Les avocats du journaliste Abdallah Agwa, placé sous mandat de dépôt depuis ce lundi, contestent la « procédure de flagrant délit » engagée contre leur client pour un « délit de presse ».
Hier lundi, le procureur de la république a ordonné un mandat de dépôt contre le journaliste Abdallah Abdou Hassane (de son vrai nom, Ndlr). Selon ses avocats, le tonitruant journaliste va comparaitre ce mercredi dans une audience en flagrant délit. Me Omar Zaid et Me Abdoulbastoi Moudjahidi, tonnent l’un après l’autre quant à la procédure engagée contre leur client poursuivi pour avoir tenus des propos sur « le mode d’habillement traditionnel du président de la république » et relayé une histoire d’ « un rendez-vous [raté] entre des magistrats et le ministre des finances ».
« Une procédure de flagrant délit sur un délit de presse c’est quand-même étonnant. Ce genre de procédure ne s’applique pas en matière de délit de presse », dénonce pour sa part Me Omar Zaid qui cite au passage l’article 71 du code de procédure pénale pour rendre inattaquables ses arguments. « On ne peut pas poursuivre quelqu’un pour délit de presse en empruntant la voie de flagrant délit », renchérit Me Moudjahidi qui voit la liberté de presse « prise à partie par ceux qui sont derrière cette procédure ».
Ladite procédure est attaquée de partout, dans son fond comme dans sa forme, par les avocats qui la contestent. Ils n’y voient que du fouillis. En effet, l’article 393 du code de procédure pénale est claire : «L’individu arrêté en flagrant délit et déféré devant le Procureur de la république, conformément à l’article 71 du présent code, est, s’il a été placé sous mandat de dépôt, traduit sur-le-champ à l’audience du tribunal ».
Abdallah Agwa n’est pas jugé le jour de son déferrement, et ne le sera non plus le lendemain (aujourd’hui, Ndlr) tel que le prévoit l’article 394. « Rien n’est dans les normes », s’emporte Me Zaid.
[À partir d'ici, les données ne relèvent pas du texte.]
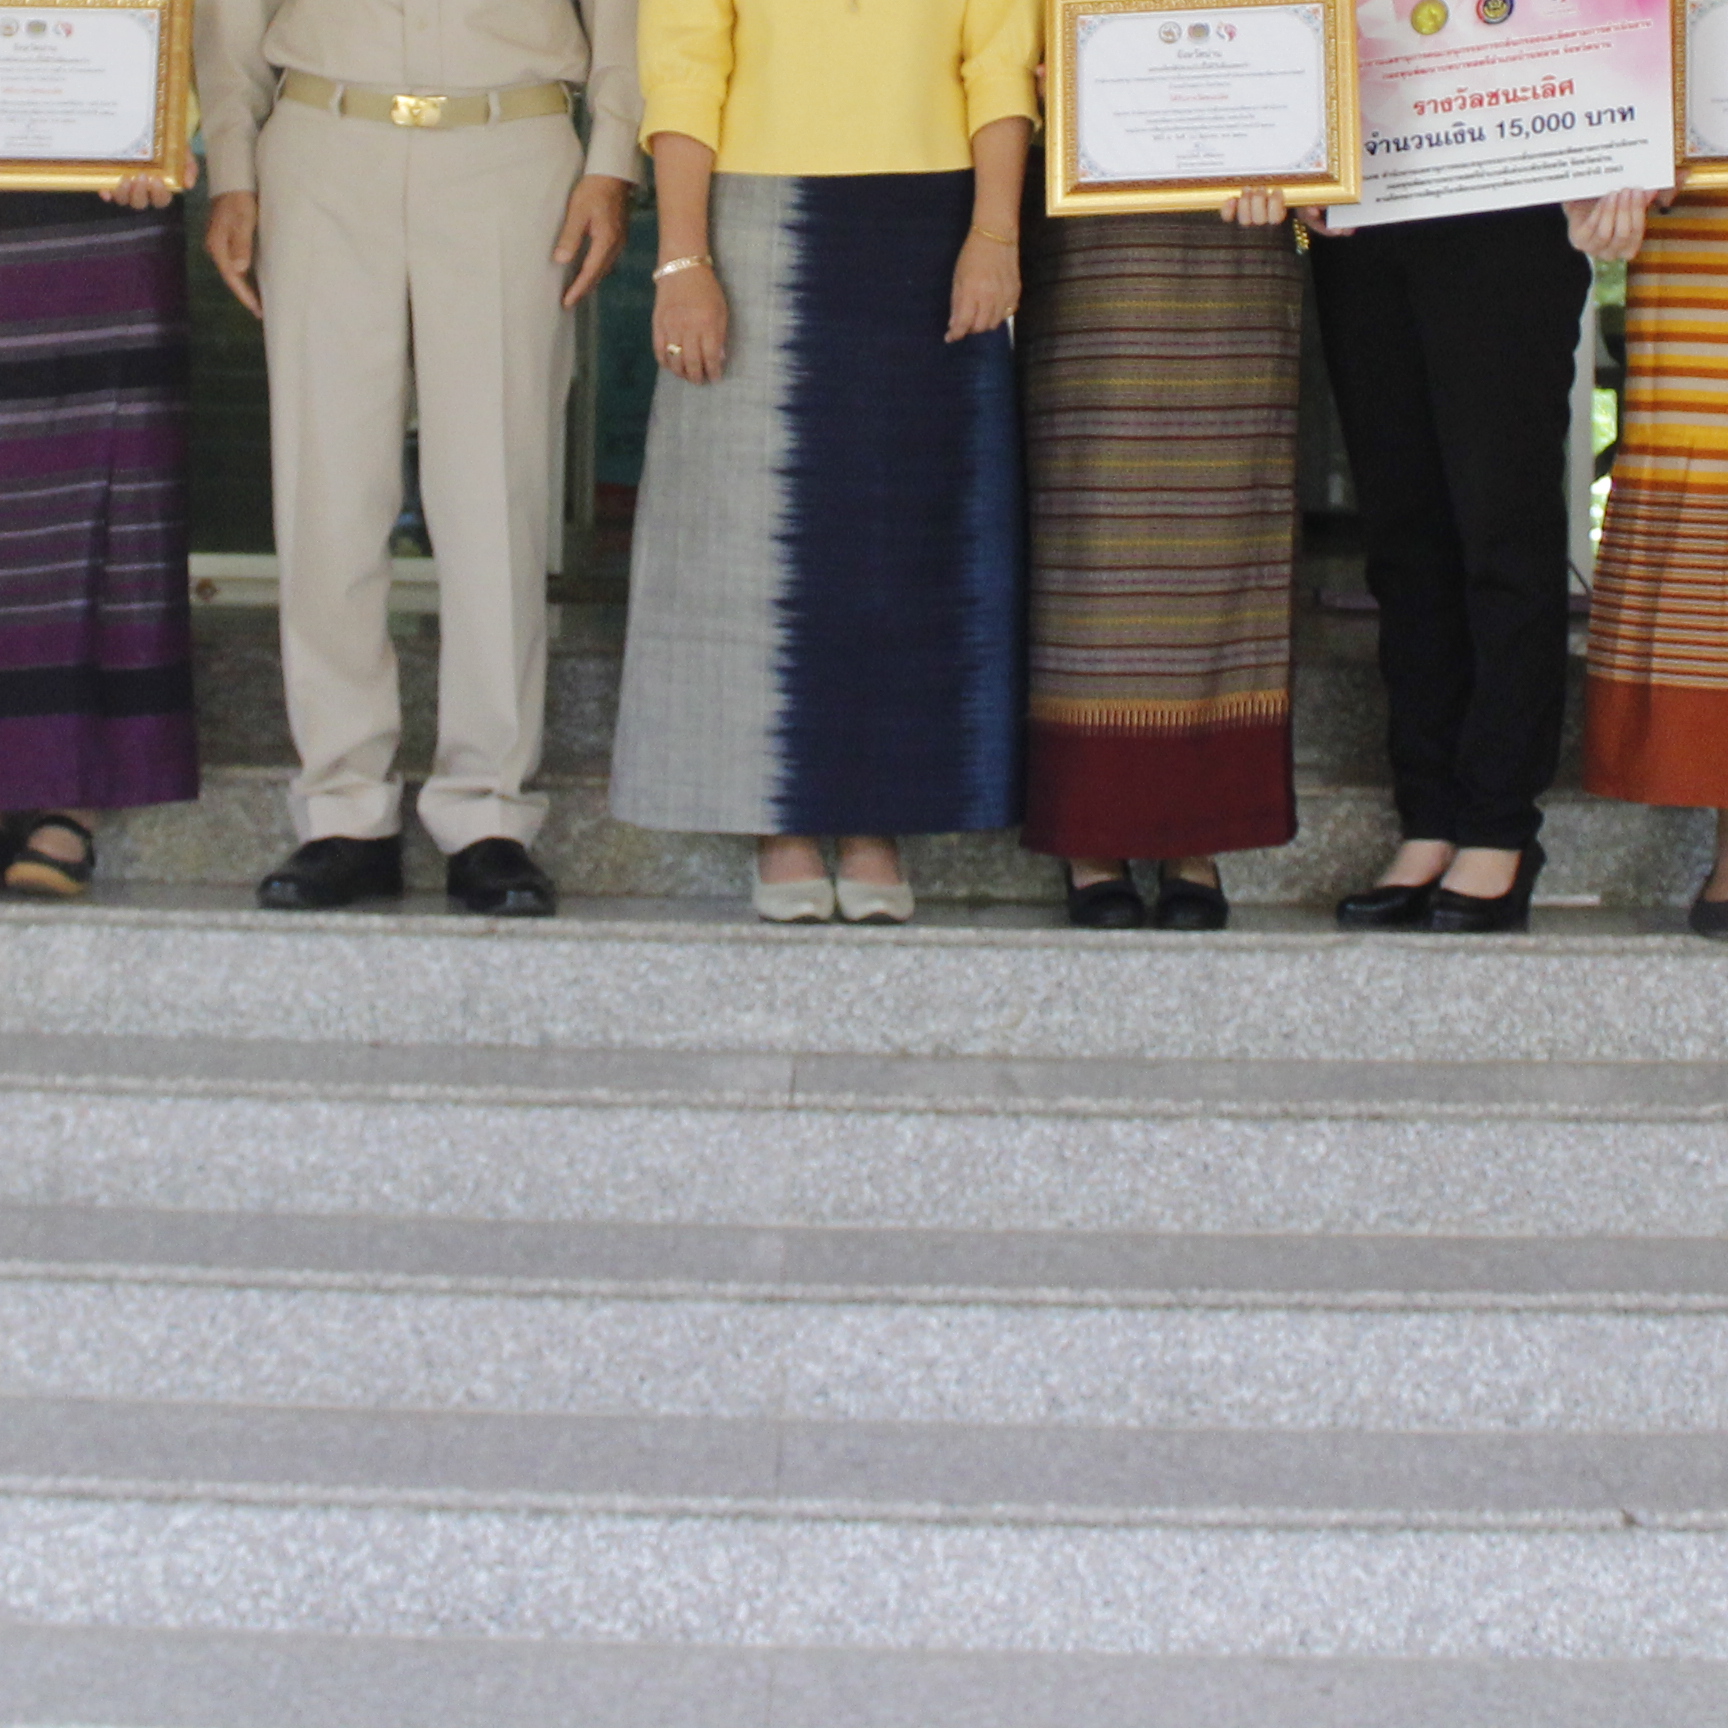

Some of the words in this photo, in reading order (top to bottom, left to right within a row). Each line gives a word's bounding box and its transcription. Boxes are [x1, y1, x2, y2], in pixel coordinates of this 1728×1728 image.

Rappelons que le journaliste serait poursuivi pour avoir critiqué sur les antennes de sa radio (La Baraka Fm) le président de la République qui porte « les habits des dignitaires traditionnels » alors qu’il n’en est pas un. Il aurait aussi parlé d’un rendez-vous raté entre des magistrats et le ministre des finances. Un rencontre au cours de laquelle, si elle avait eu lieu, les magistrats devaient flatter l’argentier du pays à tenir compte dans le projet de la loi de finances pour 2017, de leur avancement de salaire.
Ses avocats qui disent que le mieux pour les concernés aurait été de faire un droit de réponse, disent ne pas voir en quoi cela constitue une infraction. Durant sa garde à vue du dimanche à lundi, le journaliste aurait été sommé de fournir le nom de ses sources d’informations alors que l’article 68 du code de l’information et de la communication en Union des Comores stipule que « le journaliste n’est pas tenu de divulguer ses sources et ne peut dans ce cas, être inquiété par l’autorité publique ». « C’est dangereux », tonne Me Moudjahidi, pour qui, la décision de la justice attendue ce mercredi est intéressante dans la mesure où soit elle (la justice, Ndlr) confirme le bon élan de protection des journalistes, soit elle fait un revirement.